:: DATASET ::
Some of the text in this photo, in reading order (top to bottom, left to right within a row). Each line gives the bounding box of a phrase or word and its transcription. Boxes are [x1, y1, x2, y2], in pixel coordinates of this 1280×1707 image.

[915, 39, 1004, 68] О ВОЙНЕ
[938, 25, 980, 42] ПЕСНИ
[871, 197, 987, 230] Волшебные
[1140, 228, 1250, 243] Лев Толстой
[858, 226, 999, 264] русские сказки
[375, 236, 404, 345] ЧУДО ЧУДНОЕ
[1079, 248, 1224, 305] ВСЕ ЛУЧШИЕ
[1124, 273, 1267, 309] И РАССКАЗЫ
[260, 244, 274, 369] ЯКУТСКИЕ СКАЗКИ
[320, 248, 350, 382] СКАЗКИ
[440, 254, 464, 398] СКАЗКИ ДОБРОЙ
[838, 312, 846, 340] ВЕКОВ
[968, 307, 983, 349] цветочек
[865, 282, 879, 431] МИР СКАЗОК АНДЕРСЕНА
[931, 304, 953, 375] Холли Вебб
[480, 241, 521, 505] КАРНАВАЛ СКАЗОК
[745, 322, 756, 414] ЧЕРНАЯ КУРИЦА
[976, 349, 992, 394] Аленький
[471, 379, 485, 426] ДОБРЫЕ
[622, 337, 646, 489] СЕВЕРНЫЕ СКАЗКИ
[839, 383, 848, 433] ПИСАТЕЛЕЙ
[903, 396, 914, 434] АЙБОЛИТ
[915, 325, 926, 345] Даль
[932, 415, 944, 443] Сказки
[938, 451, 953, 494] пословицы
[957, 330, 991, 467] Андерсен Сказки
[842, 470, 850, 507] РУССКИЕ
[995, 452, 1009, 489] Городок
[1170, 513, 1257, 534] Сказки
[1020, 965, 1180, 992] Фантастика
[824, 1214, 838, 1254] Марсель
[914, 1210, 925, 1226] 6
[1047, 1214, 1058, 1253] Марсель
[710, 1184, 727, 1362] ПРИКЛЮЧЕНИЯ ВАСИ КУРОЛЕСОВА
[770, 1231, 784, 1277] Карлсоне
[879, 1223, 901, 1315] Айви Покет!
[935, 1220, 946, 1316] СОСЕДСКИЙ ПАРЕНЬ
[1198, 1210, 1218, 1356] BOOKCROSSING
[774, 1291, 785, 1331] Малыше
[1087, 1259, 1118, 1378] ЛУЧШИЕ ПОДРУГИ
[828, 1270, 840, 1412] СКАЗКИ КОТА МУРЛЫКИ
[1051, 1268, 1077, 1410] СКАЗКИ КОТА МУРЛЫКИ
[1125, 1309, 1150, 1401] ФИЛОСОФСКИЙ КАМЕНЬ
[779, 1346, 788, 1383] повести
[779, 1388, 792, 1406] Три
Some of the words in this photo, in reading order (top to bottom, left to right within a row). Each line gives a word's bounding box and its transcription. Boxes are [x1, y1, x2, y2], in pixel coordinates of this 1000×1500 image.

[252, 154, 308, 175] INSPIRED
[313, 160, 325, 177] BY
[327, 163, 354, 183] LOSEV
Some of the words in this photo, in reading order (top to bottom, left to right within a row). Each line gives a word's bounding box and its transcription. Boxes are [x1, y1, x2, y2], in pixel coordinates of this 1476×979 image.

:: DESCRIPTION OF THE TASK ::
Set down the entire material again, exactly as it stands.

:: ANSWER TO THE PROBLEM ::
Some of the text in this photo, in reading order (top to bottom, left to right within a row). Each line gives the bounding box of a phrase or word and its transcription. Boxes are [x1, y1, x2, y2], in pixel coordinates of this 1280×1707 image.

[915, 39, 1004, 68] О ВОЙНЕ
[938, 25, 980, 42] ПЕСНИ
[871, 197, 987, 230] Волшебные
[1140, 228, 1250, 243] Лев Толстой
[858, 226, 999, 264] русские сказки
[375, 236, 404, 345] ЧУДО ЧУДНОЕ
[1079, 248, 1224, 305] ВСЕ ЛУЧШИЕ
[1124, 273, 1267, 309] И РАССКАЗЫ
[260, 244, 274, 369] ЯКУТСКИЕ СКАЗКИ
[320, 248, 350, 382] СКАЗКИ
[440, 254, 464, 398] СКАЗКИ ДОБРОЙ
[838, 312, 846, 340] ВЕКОВ
[968, 307, 983, 349] цветочек
[865, 282, 879, 431] МИР СКАЗОК АНДЕРСЕНА
[931, 304, 953, 375] Холли Вебб
[480, 241, 521, 505] КАРНАВАЛ СКАЗОК
[745, 322, 756, 414] ЧЕРНАЯ КУРИЦА
[976, 349, 992, 394] Аленький
[471, 379, 485, 426] ДОБРЫЕ
[622, 337, 646, 489] СЕВЕРНЫЕ СКАЗКИ
[839, 383, 848, 433] ПИСАТЕЛЕЙ
[903, 396, 914, 434] АЙБОЛИТ
[915, 325, 926, 345] Даль
[932, 415, 944, 443] Сказки
[938, 451, 953, 494] пословицы
[957, 330, 991, 467] Андерсен Сказки
[842, 470, 850, 507] РУССКИЕ
[995, 452, 1009, 489] Городок
[1170, 513, 1257, 534] Сказки
[1020, 965, 1180, 992] Фантастика
[824, 1214, 838, 1254] Марсель
[914, 1210, 925, 1226] 6
[1047, 1214, 1058, 1253] Марсель
[710, 1184, 727, 1362] ПРИКЛЮЧЕНИЯ ВАСИ КУРОЛЕСОВА
[770, 1231, 784, 1277] Карлсоне
[879, 1223, 901, 1315] Айви Покет!
[935, 1220, 946, 1316] СОСЕДСКИЙ ПАРЕНЬ
[1198, 1210, 1218, 1356] BOOKCROSSING
[774, 1291, 785, 1331] Малыше
[1087, 1259, 1118, 1378] ЛУЧШИЕ ПОДРУГИ
[828, 1270, 840, 1412] СКАЗКИ КОТА МУРЛЫКИ
[1051, 1268, 1077, 1410] СКАЗКИ КОТА МУРЛЫКИ
[1125, 1309, 1150, 1401] ФИЛОСОФСКИЙ КАМЕНЬ
[779, 1346, 788, 1383] повести
[779, 1388, 792, 1406] Три
Some of the words in this photo, in reading order (top to bottom, left to right within a row). Each line gives a word's bounding box and its transcription. Boxes are [x1, y1, x2, y2], in pixel coordinates of this 1000×1500 image.

[252, 154, 308, 175] INSPIRED
[313, 160, 325, 177] BY
[327, 163, 354, 183] LOSEV
Some of the words in this photo, in reading order (top to bottom, left to right within a row). Each line gives a word's bounding box and its transcription. Boxes are [x1, y1, x2, y2], in pixel coordinates of this 1476×979 image.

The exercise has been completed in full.